2015 Latest Caselaw 9191 Del

Citation : 2015 Latest Caselaw 9191 Del
Judgement Date : 10 December, 2015

Delhi High Court
Crayons Global Finance Private ... vs ... on 10 December, 2015
                   IN THE HIGH COURT OF DELHI
                  COMPANY PETITION NO. 311/2015

                                     Reserved on 4th November, 2015
                         Date of pronouncement: 10th December, 2015
In the matter of
The Companies Act, 1956 & the Companies Act, 2013 (to the extent
applicable):

And

Petition under Section 391(2) & 394 of the
Companies Act, 1956

Scheme of Amalgamation of:

Crayons Global Finance Private Limited
                                   Petitioner/Transferor Company No. 1

Ganges Radio Taxi Private Limited
                                     Petitioner/Transferor Company No. 2

J Tech Communication India Private Limited
                                  Petitioner/Transferor Company No. 3

Ludhiana Call Taxi Private Limited
                                     Petitioner/Transferor Company No. 4

Mega Holidays Private Limited
                                     Petitioner/Transferor Company No. 5

Mega Infotel Private Limited
                                     Petitioner/Transferor Company No. 6

Maxim Radio Cabs Limited
                                     Petitioner/Transferor Company No. 7
      WITH

Vimi Investments and Finance Private Limited
                                        Petitioner/Transferee Company

                                Through    Mr.     Mukesh     Sukhija,
                                Advocate for the petitioners
                                Mr. Sanjay Bose, Dy. Registrar of
                                Companies for the Regional Director



CP 311/2015                                              Page 1 of 13
                                  Mr. Sanjay Katyal, Advocate for the
                                 Official Liquidator

SUDERSHAN KUMAR MISRA, J.

1. This joint petition has been filed under Sections 391(2) & 394 of

the Companies Act, 1956 by the petitioner companies seeking sanction

of the Scheme of Amalgamation of Crayons Global Finance Private

Limited (hereinafter referred to as the transferor company no. 1), Ganges

Radio Taxi Private Limited (hereinafter referred to as the transferor

company no. 2), J Tech Communication India Private Limited (hereinafter

referred to as the transferor company no. 3), Ludhiana Call Taxi Private

Limited (hereinafter referred to as the transferor company no. 4), Mega

Holidays Private Limited (hereinafter referred to as the transferor

company no. 5), Mega Infotel Private Limited (hereinafter referred to as

the transferor company no. 6) and Maxim Radio Cabs Limited

(hereinafter referred to as the transferor company no. 7) with Vimi

Investments and Finance Private Limited (hereinafter referred to as the

transferee company).

2. The registered offices of the transferor and transferee companies

are situated at New Delhi, within the jurisdiction of this court.

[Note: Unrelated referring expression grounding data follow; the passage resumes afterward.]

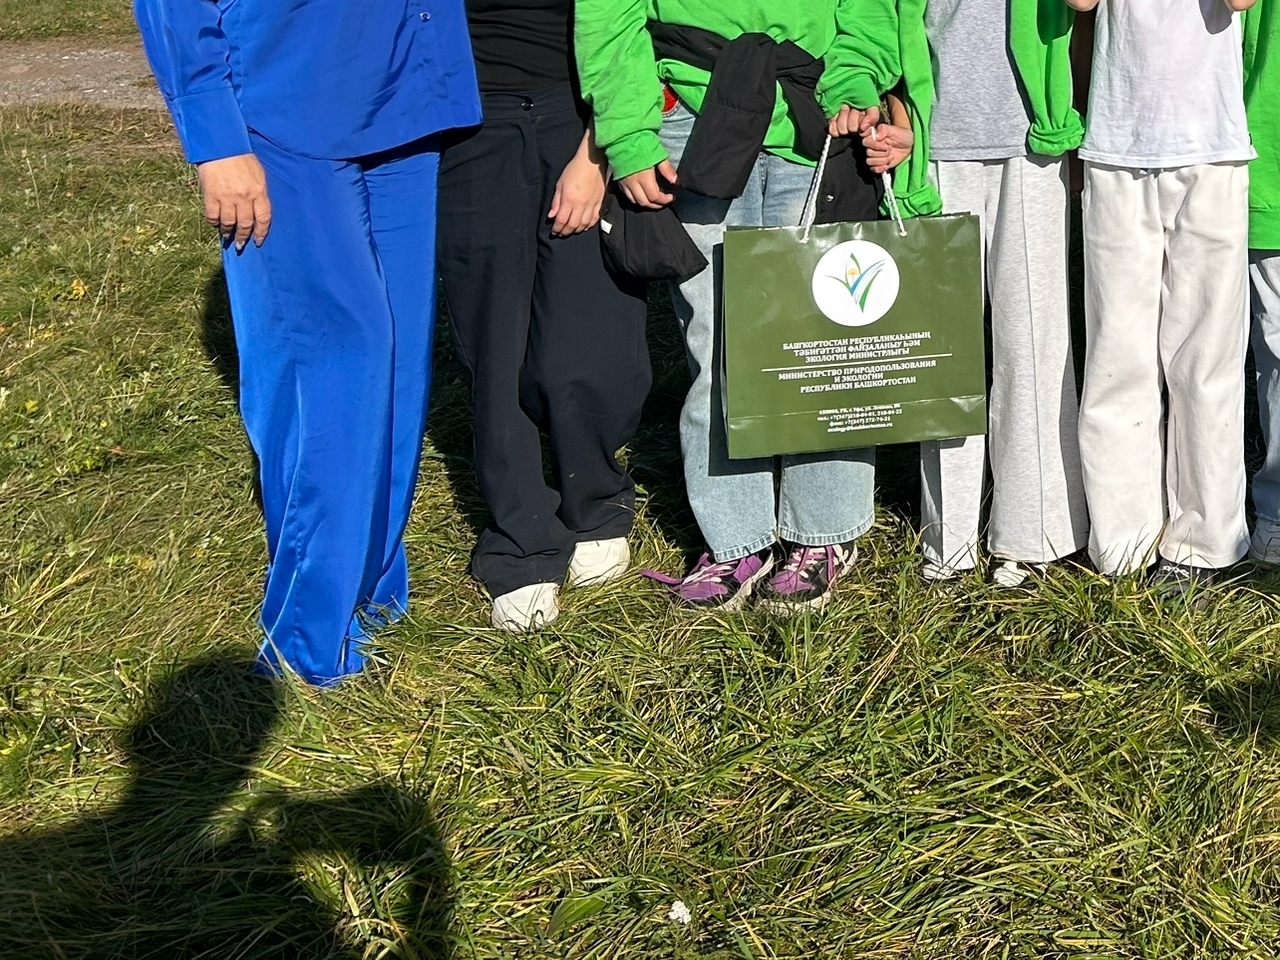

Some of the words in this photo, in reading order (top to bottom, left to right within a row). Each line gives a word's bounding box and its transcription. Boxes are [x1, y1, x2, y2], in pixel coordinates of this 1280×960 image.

[805, 353, 848, 364] ЭКОЛОГИЯ
[778, 368, 843, 381] МИНИСТЕРСТВО
[843, 360, 937, 375] ПРИРОДОПОЛЬЗОВАНИЯ
[841, 372, 884, 383] ЭКОЛОГИИ
[800, 383, 853, 394] РЕСПУБЛИКИ
[854, 376, 917, 389] БАШКОРТОСТАН

3. The transferor company no. 1 was incorporated under the

Companies Act, 1956 on 7th February, 1995 with the Registrar of

Companies, NCT of Delhi & Haryana at New Delhi.

4. The transferor company no. 2 was incorporated under the

Companies Act, 1956 on 20th October, 2010 with the Registrar of

Companies, NCT of Delhi & Haryana at New Delhi.

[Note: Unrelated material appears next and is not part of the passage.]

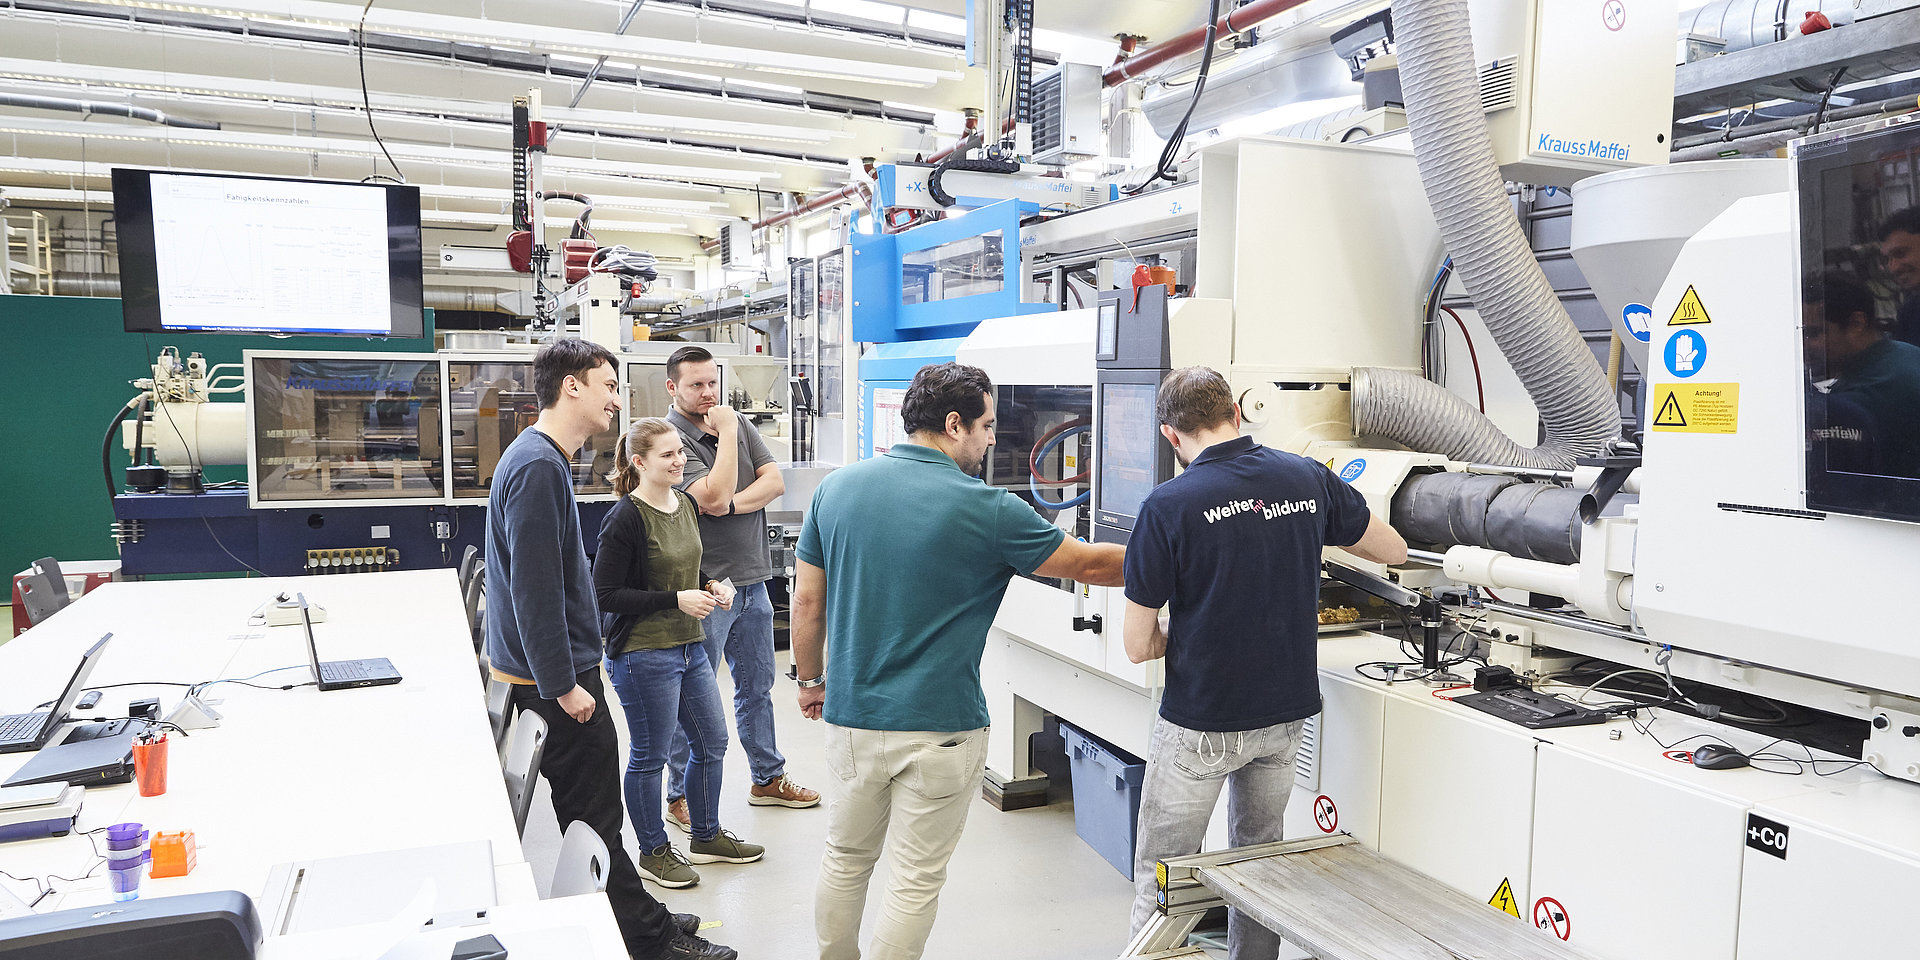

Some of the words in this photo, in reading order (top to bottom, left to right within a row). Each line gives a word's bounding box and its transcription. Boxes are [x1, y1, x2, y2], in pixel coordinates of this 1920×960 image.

[1203, 498, 1254, 524] Weiter
[1252, 499, 1265, 514] mit
[1262, 498, 1317, 521] bildung

5. The transferor company no. 3 was incorporated under the

Companies Act, 1956 on 8th August, 2006 with the Registrar of

Companies, NCT of Delhi & Haryana at New Delhi.

6. The transferor company no. 4 was incorporated under the

Companies Act, 1956 on 9th March, 2009 with the Registrar of

Companies, NCT of Delhi & Haryana at New Delhi.

7. The transferor company no. 5 was originally incorporated under

the Companies Act, 1956 on 27th April, 2005 with the Registrar of

Companies, NCT of Delhi & Haryana at New Delhi under the name and

style of Mega Holidays Limited. The company changed its name to Mega

Holidays Private Limited and obtained the fresh certificate of

incorporation on 4th May, 2013.

8. The transferor company no. 6 was incorporated under the

Companies Act, 1956 on 15th April, 2006 with the Registrar of

Companies, NCT of Delhi & Haryana at New Delhi.

9. The transferor company no. 7 was incorporated under the

Companies Act, 1956 on 28th January, 1999 with the Registrar of

Companies, NCT of Delhi & Haryana at New Delhi.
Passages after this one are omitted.